» **TASK DESCRIPTION**: Every word of the listing must be returned. Retype it exactly.

____ ENTRIES PROVIDED

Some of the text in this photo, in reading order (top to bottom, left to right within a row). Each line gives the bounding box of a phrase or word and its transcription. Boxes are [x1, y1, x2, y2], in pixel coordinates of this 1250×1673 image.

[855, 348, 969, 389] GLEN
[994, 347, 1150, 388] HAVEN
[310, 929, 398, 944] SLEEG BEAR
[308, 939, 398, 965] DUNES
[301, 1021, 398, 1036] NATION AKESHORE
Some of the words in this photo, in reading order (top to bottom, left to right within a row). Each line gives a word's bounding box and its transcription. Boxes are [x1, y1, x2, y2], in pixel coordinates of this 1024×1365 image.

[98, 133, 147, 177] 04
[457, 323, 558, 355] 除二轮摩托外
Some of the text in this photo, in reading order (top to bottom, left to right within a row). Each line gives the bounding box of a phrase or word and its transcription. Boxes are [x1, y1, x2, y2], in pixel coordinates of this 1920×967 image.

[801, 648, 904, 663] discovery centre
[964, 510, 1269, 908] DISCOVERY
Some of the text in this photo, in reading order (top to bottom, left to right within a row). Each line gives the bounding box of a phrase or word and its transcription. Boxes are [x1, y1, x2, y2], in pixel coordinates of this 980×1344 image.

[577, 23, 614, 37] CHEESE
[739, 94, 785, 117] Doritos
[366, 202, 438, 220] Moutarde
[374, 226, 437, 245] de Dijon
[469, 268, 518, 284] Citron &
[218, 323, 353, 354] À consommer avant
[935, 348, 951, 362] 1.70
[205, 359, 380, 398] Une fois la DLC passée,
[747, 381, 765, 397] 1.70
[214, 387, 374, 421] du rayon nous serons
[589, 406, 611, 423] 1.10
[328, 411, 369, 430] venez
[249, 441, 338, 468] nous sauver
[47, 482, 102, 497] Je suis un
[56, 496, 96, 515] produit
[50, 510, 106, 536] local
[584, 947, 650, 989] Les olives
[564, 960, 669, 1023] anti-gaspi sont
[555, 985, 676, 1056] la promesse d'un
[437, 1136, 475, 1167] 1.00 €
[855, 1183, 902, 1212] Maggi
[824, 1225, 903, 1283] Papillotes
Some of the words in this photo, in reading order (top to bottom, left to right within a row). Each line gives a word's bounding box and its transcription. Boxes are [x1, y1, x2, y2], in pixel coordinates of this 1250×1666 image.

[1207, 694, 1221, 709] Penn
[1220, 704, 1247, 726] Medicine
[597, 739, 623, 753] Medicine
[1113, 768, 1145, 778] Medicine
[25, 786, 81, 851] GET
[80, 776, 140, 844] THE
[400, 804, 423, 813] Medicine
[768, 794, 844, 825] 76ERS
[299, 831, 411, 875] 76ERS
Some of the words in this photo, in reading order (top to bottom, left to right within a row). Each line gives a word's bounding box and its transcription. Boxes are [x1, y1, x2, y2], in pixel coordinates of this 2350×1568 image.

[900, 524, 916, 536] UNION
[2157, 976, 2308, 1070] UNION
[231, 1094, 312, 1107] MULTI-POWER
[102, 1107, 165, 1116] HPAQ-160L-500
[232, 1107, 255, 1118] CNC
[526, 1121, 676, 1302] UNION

________

» **EXERCISE RESULT**:
Some of the text in this photo, in reading order (top to bottom, left to right within a row). Each line gives the bounding box of a phrase or word and its transcription. Boxes are [x1, y1, x2, y2], in pixel coordinates of this 1250×1673 image.

[855, 348, 969, 389] GLEN
[994, 347, 1150, 388] HAVEN
[310, 929, 398, 944] SLEEG BEAR
[308, 939, 398, 965] DUNES
[301, 1021, 398, 1036] NATION AKESHORE
Some of the words in this photo, in reading order (top to bottom, left to right within a row). Each line gives a word's bounding box and its transcription. Boxes are [x1, y1, x2, y2], in pixel coordinates of this 1024×1365 image.

[98, 133, 147, 177] 04
[457, 323, 558, 355] 除二轮摩托外
Some of the text in this photo, in reading order (top to bottom, left to right within a row). Each line gives the bounding box of a phrase or word and its transcription. Boxes are [x1, y1, x2, y2], in pixel coordinates of this 1920×967 image.

[801, 648, 904, 663] discovery centre
[964, 510, 1269, 908] DISCOVERY
Some of the text in this photo, in reading order (top to bottom, left to right within a row). Each line gives the bounding box of a phrase or word and its transcription. Boxes are [x1, y1, x2, y2], in pixel coordinates of this 980×1344 image.

[577, 23, 614, 37] CHEESE
[739, 94, 785, 117] Doritos
[366, 202, 438, 220] Moutarde
[374, 226, 437, 245] de Dijon
[469, 268, 518, 284] Citron &
[218, 323, 353, 354] À consommer avant
[935, 348, 951, 362] 1.70
[205, 359, 380, 398] Une fois la DLC passée,
[747, 381, 765, 397] 1.70
[214, 387, 374, 421] du rayon nous serons
[589, 406, 611, 423] 1.10
[328, 411, 369, 430] venez
[249, 441, 338, 468] nous sauver
[47, 482, 102, 497] Je suis un
[56, 496, 96, 515] produit
[50, 510, 106, 536] local
[584, 947, 650, 989] Les olives
[564, 960, 669, 1023] anti-gaspi sont
[555, 985, 676, 1056] la promesse d'un
[437, 1136, 475, 1167] 1.00 €
[855, 1183, 902, 1212] Maggi
[824, 1225, 903, 1283] Papillotes
Some of the words in this photo, in reading order (top to bottom, left to right within a row). Each line gives a word's bounding box and its transcription. Boxes are [x1, y1, x2, y2], in pixel coordinates of this 1250×1666 image.

[1207, 694, 1221, 709] Penn
[1220, 704, 1247, 726] Medicine
[597, 739, 623, 753] Medicine
[1113, 768, 1145, 778] Medicine
[25, 786, 81, 851] GET
[80, 776, 140, 844] THE
[400, 804, 423, 813] Medicine
[768, 794, 844, 825] 76ERS
[299, 831, 411, 875] 76ERS
Some of the words in this photo, in reading order (top to bottom, left to right within a row). Each line gives a word's bounding box and its transcription. Boxes are [x1, y1, x2, y2], in pixel coordinates of this 2350×1568 image.

[900, 524, 916, 536] UNION
[2157, 976, 2308, 1070] UNION
[231, 1094, 312, 1107] MULTI-POWER
[102, 1107, 165, 1116] HPAQ-160L-500
[232, 1107, 255, 1118] CNC
[526, 1121, 676, 1302] UNION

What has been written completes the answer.